忘れたくない人 < 2:36 >
果てのない人生 < 3:10 >
はいマッケンジー < 1:19 >
空から見たら < 1:38 >
付添 < 2:51 >
草原 < 2:38 >
カリメロ < 1:49 >
家人 < 3:30 >
皆 < 2:23 >
人生に折り返し地点があるとしたら、40歳くらいではなかろうか。ぼくはちょうどその40歳を越えようとする頃、別の新しい生き方に憧れるようになっていた。
だんだんと嫌いなもの、身体や心が受けつけないものにはあからさまに拒否反応を示すようになり、態度に表れるので自然と遠ざかっていく。であれば本当に好きなもの、大事にしたいことをきちんと確かめながら丁寧に選択し、日々それらと向き合い、少しずつ積み重ねていくような、そんな生き方が良いのではないか。
ぼくは嘘がつけなくなってきたんだと、考えていた。
歳をとると「頭が固くなった」などと言われることがあるだろう。でもそれは言い換えれば、「自分が定まってきた」ということなんだと、思う。自分の中にある本質が、隠せなくなって外に滲み出てくる。そのような変化に抗うことなく、自然に任せる。自然と足が向く方へと進んでいく。それはまさに『然び(さび)』という言葉の表す状態ではないか。
・・・
そのような変化の過程と、新しい生き方の情景を、この EP(小詩集)で表現しようと思った。前半はこれまでの人生に囚われながらも、日々新たな出会いを繰り返し、夢を見たり、展望開けるような。そして後半は決意し、表現を楽しみ、優しくなって、大切にしたいものと生き、自然な姿へと近づいていくような。
短い曲(詩)たちを連ねて、20分程度の音源作品としてまとめた『然び』。少し疲れた時、ゆっくりしたいと思った時に、ぜひ通して聴いてみてほしい。
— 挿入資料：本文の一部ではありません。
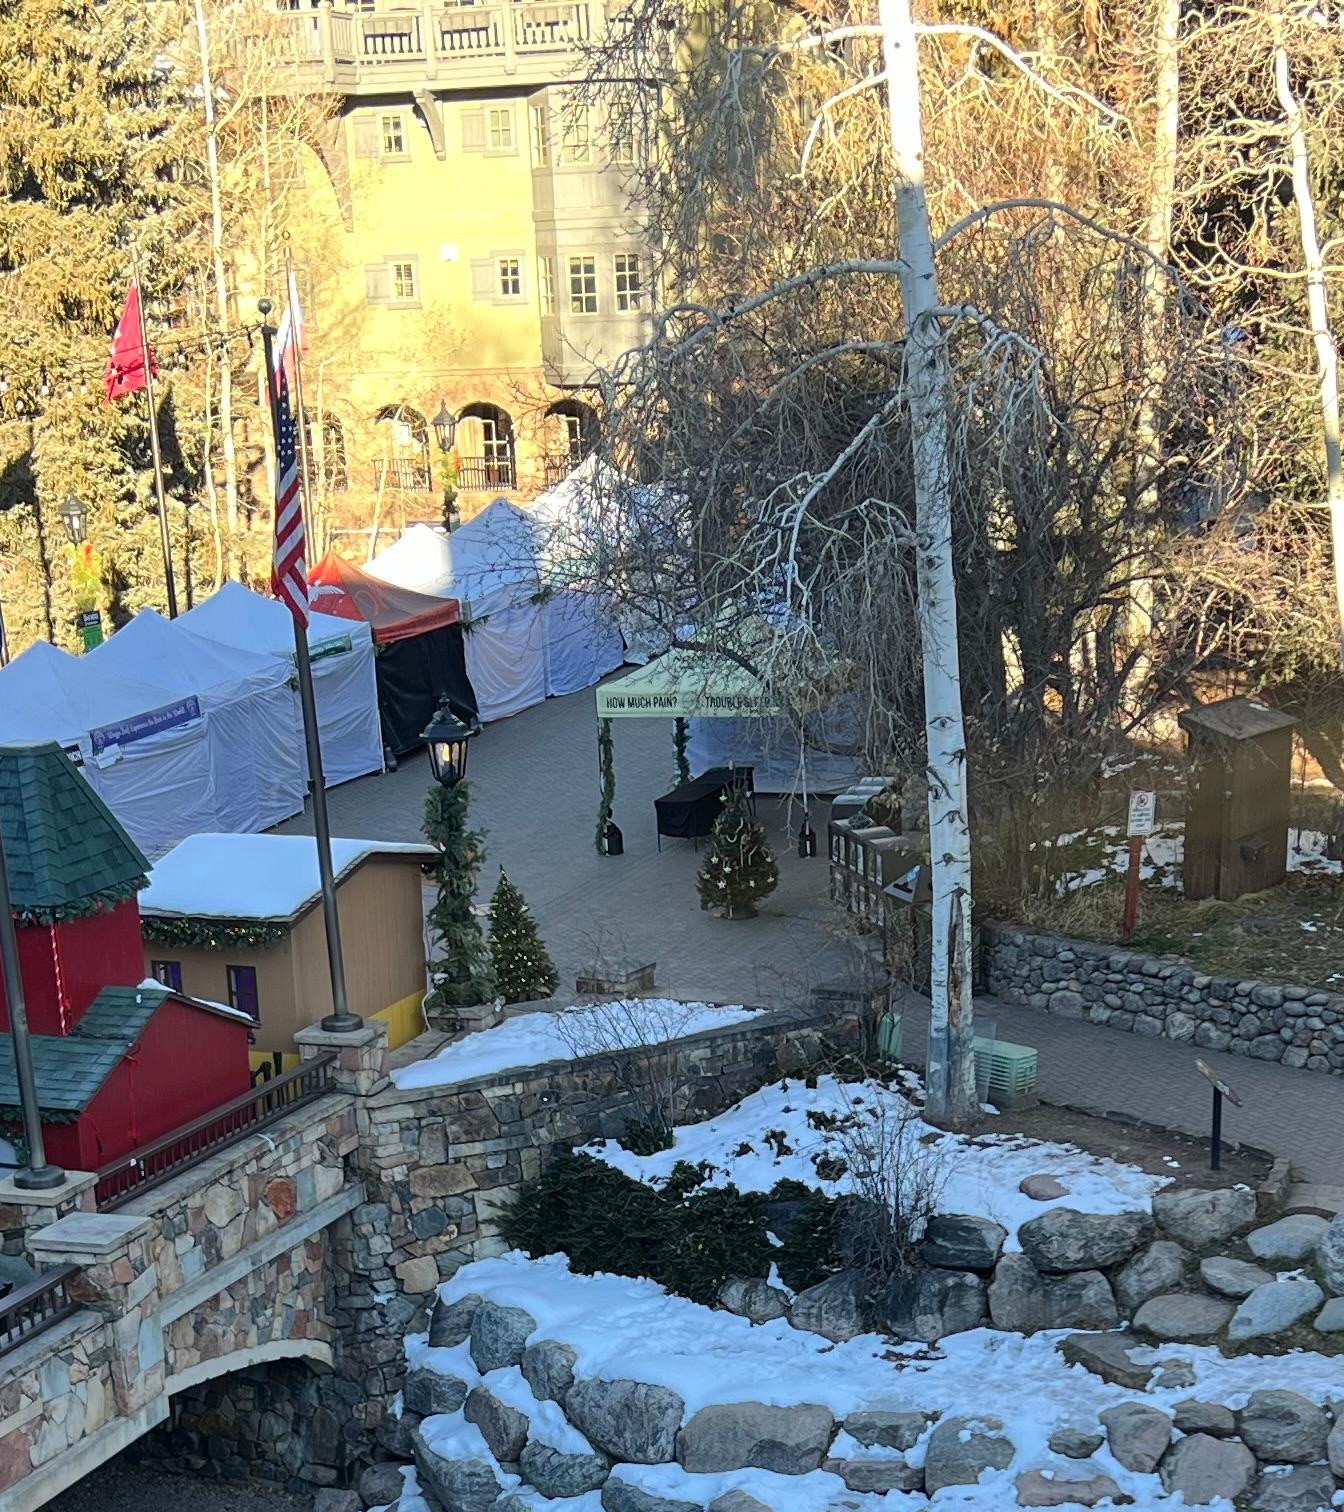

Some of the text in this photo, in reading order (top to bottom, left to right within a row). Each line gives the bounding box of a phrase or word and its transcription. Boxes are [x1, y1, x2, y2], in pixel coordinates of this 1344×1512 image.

レコーディング期間:2023年2月8日〜3月9日/スタジオ:自宅(クローゼット奥の自作レコーディングルーム, リビングのピアノ前)/DAW:Studio One Prime/Audio I/O:steinberg UR22C/Mic:AKG P420/演奏楽器:アコースティックギター(Takamine PT-408), ピアノ(YAMAHA アップライト), 防災用手回し充電ラジオ(AOKEOU), 布お手玉, 娘のランドセル, ワイングラス, 指パッチン, エレキギター(HISTORY GH-T2 VNT), 娘の鍵盤ハーモニカ, 息子の縦笛, 声(歌, 語り, ハミング, コーラス, 台詞), 呼吸ノイズ
誰かに言われなくても、自然とそちらに足が向くような感じで、たった一人でもやってみたいこと、つくってみたいもの。初めはそこからスタートするのが良い気がして、企画, 演奏, アレンジ, ミックス, マスタリング, ジャケットデザインまで、自身で担当してみました。この作品を自己紹介がわりに、仲間ができたら幸せなことです。